It was the mixed reality that clarified what real and virtual objects are, the very authors Paul Milgram and Fumio Kishino who have placed lights not only on the taxonomy of virtual and immersive environments, but mainly on the question of the real and the virtual.
They addressed the distinction between real and virtual in three aspects, which can be seen in the figure that is a modified version of Figure 2 of Milgram and Fumio.
The first aspect is the difference between real and virtual objects, which are to the left of the figure, real objects have real objective existence, while virtual exist in essence or effect, but not formally, but it is from them that the in-formation , which they are in essence.
For a real object to be visualized, it can be directly observed or can be sampled (before imagined Shannon) and resynthesized by some artifact.
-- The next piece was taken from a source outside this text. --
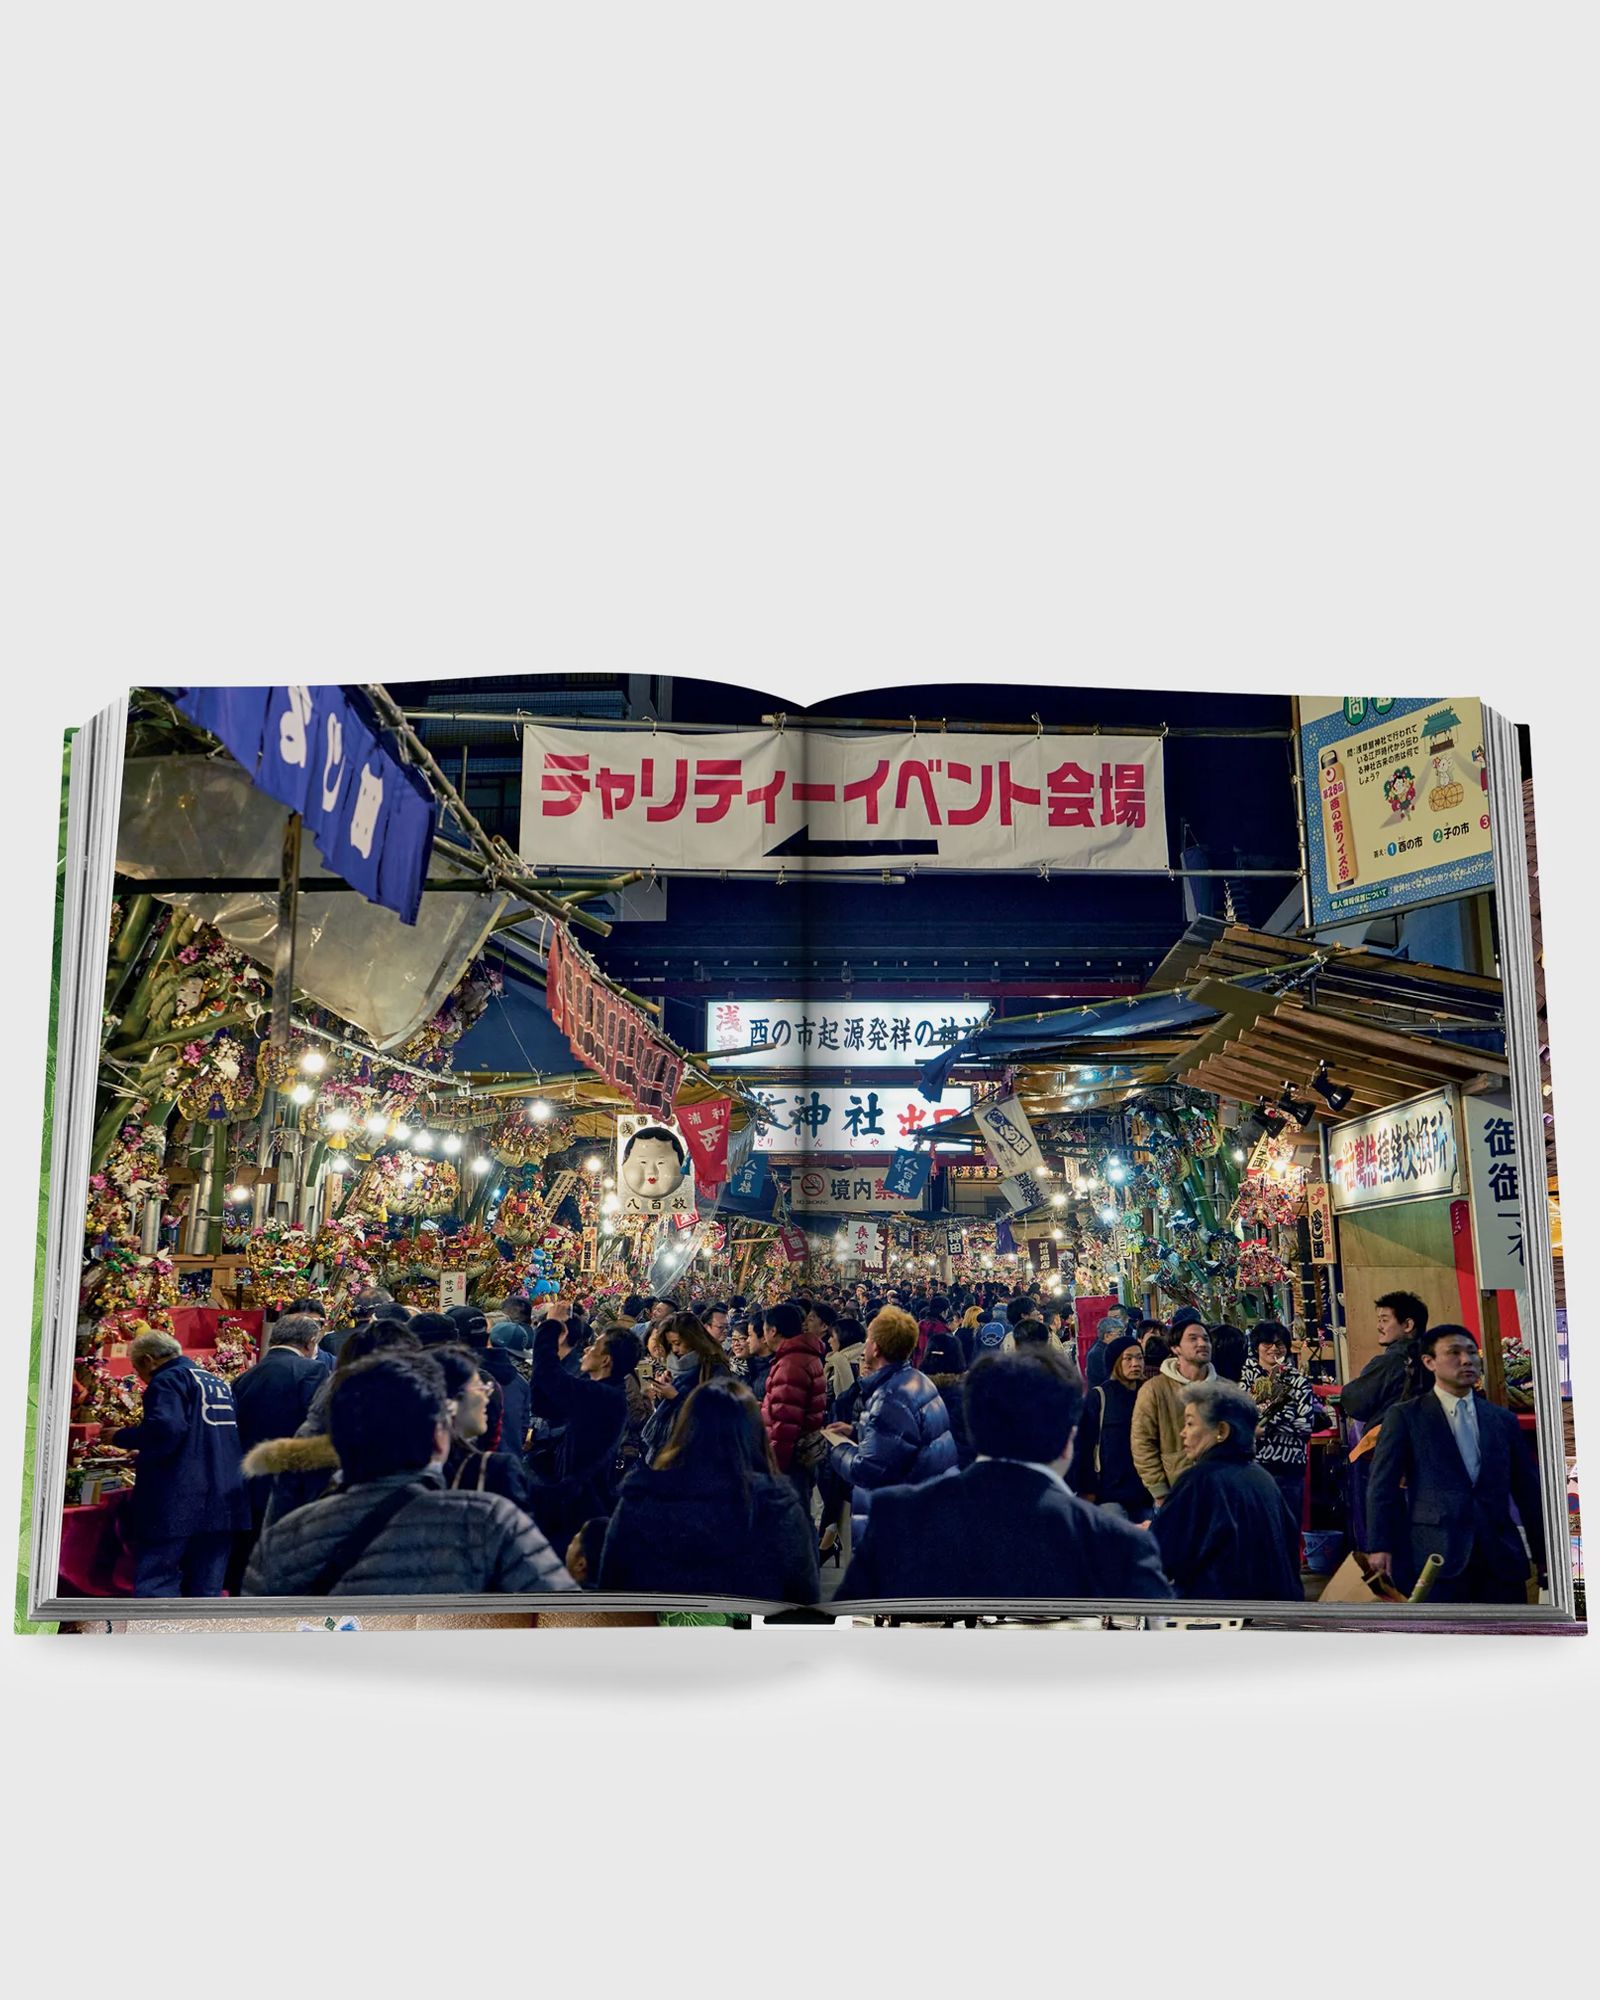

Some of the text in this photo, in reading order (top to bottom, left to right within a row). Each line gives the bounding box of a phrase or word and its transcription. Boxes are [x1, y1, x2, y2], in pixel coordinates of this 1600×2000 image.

[541, 752, 1146, 829] チャリティーイベント会場
[830, 1178, 913, 1201] 境内禁
[948, 1231, 962, 1254] 神田
The second distinction is drawn by the authors of a Naimark paper, which is the question of the quality of the images reflected in an aspect called reflected reality, great efforts were made for this which is the direct visualization in air or glass of a real object, or the so-called “unmediated reality,” now made a reality at Brigham Young University.
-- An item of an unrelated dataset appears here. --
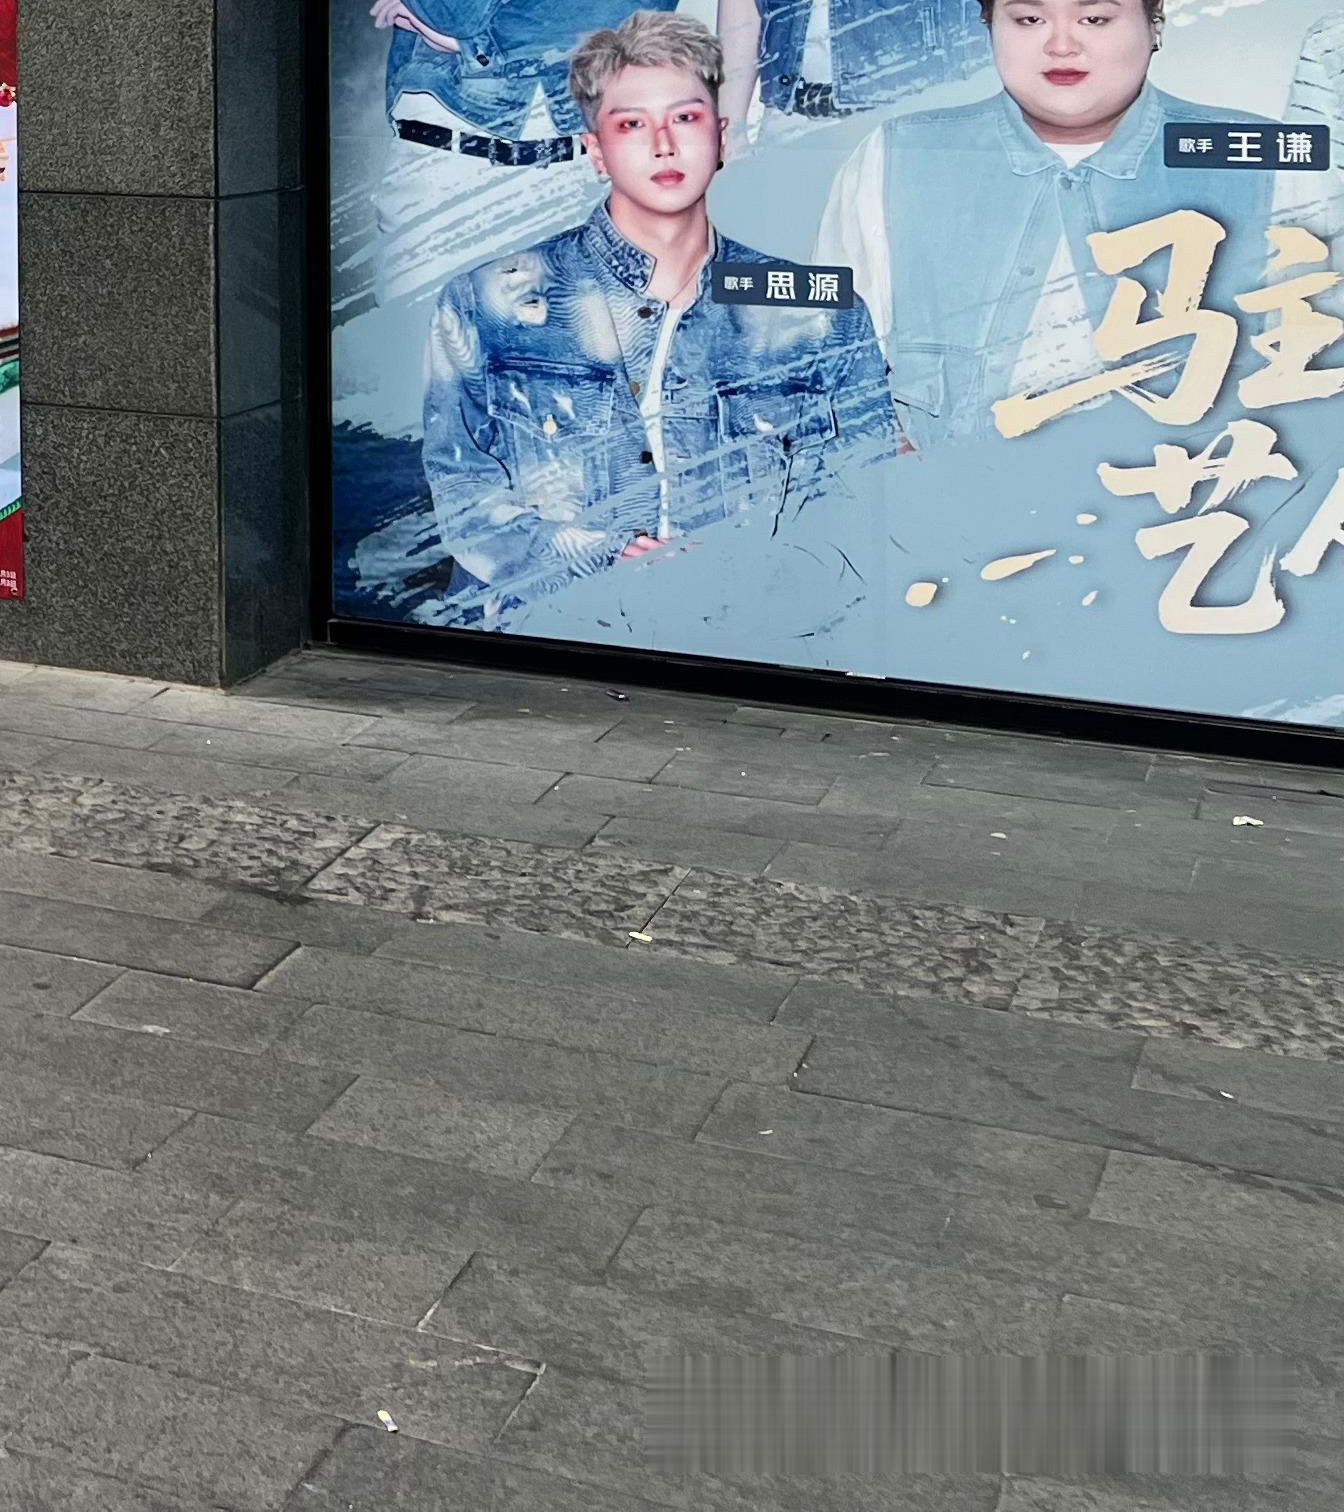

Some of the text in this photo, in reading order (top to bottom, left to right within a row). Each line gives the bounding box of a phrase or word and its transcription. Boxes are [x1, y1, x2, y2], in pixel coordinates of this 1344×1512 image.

The authors’ point of view, and also ours, is that it is not only because the image “looks real” it may be representing the real and its formation, and therefore the terminology used must be careful in explaining this difference.
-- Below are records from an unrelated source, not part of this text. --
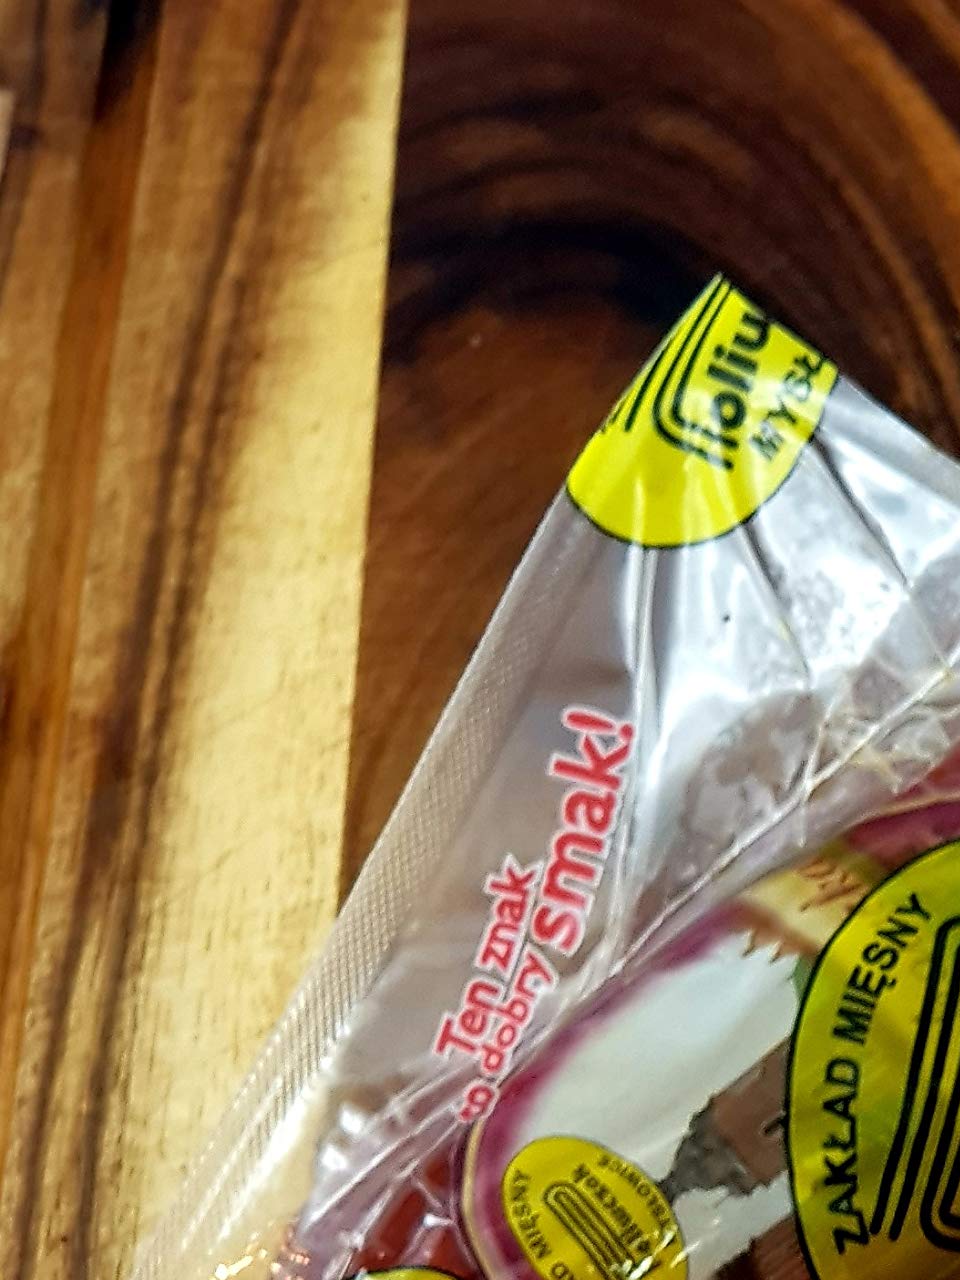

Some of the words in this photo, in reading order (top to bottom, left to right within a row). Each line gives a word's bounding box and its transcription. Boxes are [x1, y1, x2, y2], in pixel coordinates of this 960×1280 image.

[434, 978, 501, 1056] Ten
[479, 856, 540, 971] znak
[480, 944, 555, 1075] dobry
[532, 708, 636, 955] smak!
[832, 893, 933, 1045] MIĘSNY
[823, 1058, 869, 1255] ZAKŁAD
Clarification of “representation,” the third distinction is between real and virtual images, for this we return to the field of optics and “operationally define a real image as any image that has some luminosity in the place where it appears to be located”, this includes and the image projected on the artifact (the authors say on the screen, but the concept can be extended).
Thus the virtual image can be defined as the inverse mode of the image that does not have luminosity in the place where it appears, and, therefore, this can include examples of holograms and mirror images as suggested by the author, however, escapes the fact that human vision itself mirrors and inverts the images, so what is real if we need the eyes?
Also the question of luminosity is interesting, the shadows and the projections that can be thought from the cave paintings to the myth of the cave of Plato, there already was the virtual one.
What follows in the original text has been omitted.